Marg made several phone calls before we left home to arrange to comply with the requirement to have a brand inspection before horses are hauled eastward across the Missouri River.  She had success in getting names of brand inspectors in the Black Hills area but, when we were getting ready to head homeward, frustration set in.  The last straw was a half hour call from Elk Haven to an inspector in Rapid City who really didn't want to be bothered with these horses from Ontario so we took the hint and didn't bother with that bit of red tape. 
Since we were crossing the international border the horses had to have current health papers.  A knowledgeable U.S. customs agent in International Falls explained that the papers were valid for only 30 days; we thought they were good for twice that long.  We shortened our trip by four days to stay within that requirement.  Upon our return through U.S. Customs at Pigeon River the young men on duty didn't seem to have much idea of the rules about horses so maybe we could have stretched the limit by a couple of days!
This trip had a few extras in addition to the usual load of feed, tack, and clothes for all kinds of weather.  
This was our first trip with a generator on board and it was very handy.  The weather on several occasions was cold and wet; it was important to keep the furnace going.  In our experience the camper batteries last a maximum of four nights in chilly weather.  Having the generator gave us more flexibility in choosing campsites;  getting one with electricity wasn't essential.  I am still learning how the generator should be used.  I made the mistake of letting the batteries run down before I used the generator and it took a long time to bring them up.  It seems better to use the generator regularly and sooner rather than later.
Yamaha 2400 Inverter
Horse accommodations on this Dakota trip varied from overhead picket lines to covered stalls.  The only night I was concerned was in Badlands Park south of Wall, S.D. when the boys were tied all night to hitching rails;  all was well in the morning.  If we are really in a bind some night, we can always leave the horses on the trailer.

Oh yes, there was a "twist" we created.  When we crossed into the U.S. at Fort France, we didn't stop at Canadian Customs.  When we came home and stopped at the Canadian side, we discovered that we should have stopped   in Ft.
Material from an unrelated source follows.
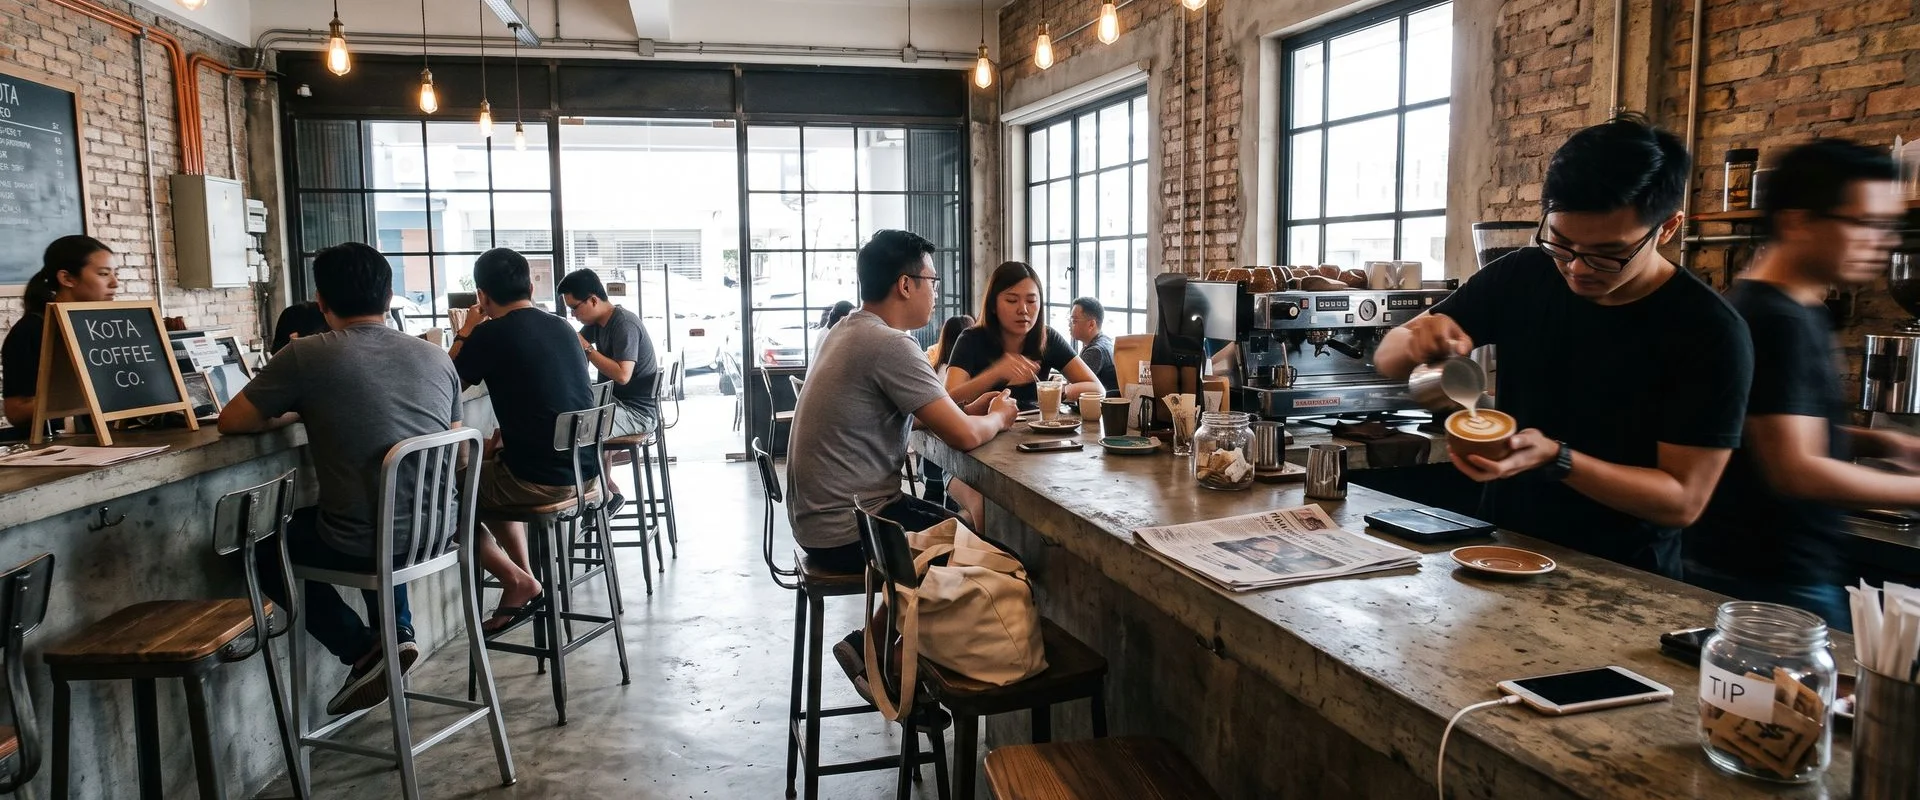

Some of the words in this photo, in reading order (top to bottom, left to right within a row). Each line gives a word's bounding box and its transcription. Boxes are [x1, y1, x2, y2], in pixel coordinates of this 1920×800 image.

[85, 319, 141, 340] KOTA
[89, 345, 156, 366] COFFEE
[1709, 675, 1745, 703] TIP
Frances!  Fortunately, we had a forgiving agent who sent us home after a short scolding!
Casey checking out his quarters at Elk Haven.  The ridge in the background is in Custer State Park.
P.S. Marg says www.horseandmuletrails.com is still her favourite resource for planning a trip to the U.S.
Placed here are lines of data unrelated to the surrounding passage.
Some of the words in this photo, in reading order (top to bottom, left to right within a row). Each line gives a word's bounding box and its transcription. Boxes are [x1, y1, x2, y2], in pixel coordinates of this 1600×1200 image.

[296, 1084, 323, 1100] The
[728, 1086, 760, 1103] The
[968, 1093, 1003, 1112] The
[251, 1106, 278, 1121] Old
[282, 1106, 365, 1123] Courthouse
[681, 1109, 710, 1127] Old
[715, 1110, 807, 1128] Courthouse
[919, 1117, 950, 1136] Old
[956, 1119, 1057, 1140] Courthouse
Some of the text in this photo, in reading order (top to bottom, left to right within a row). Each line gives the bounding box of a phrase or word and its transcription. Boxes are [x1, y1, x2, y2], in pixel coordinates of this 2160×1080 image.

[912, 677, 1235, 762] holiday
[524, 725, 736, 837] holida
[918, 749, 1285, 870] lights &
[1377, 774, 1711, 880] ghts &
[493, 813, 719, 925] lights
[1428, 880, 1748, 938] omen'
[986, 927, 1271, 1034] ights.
On Sunday, Oct.1st, we lunched at the Anchor Grille in Chamberlain on the east side of the Missouri River; Marg wouldn't let me stop on the west side of the river.  As we approached the Missouri that day, Marg figured it would be prudent to get across the river without delay!
A bale with that all important tag
For many years we packed portable panels.  The Tennessee trip in 2000 was the last time we took them with us;  they were not unloaded at any time during that trip.  We have decided to do without them.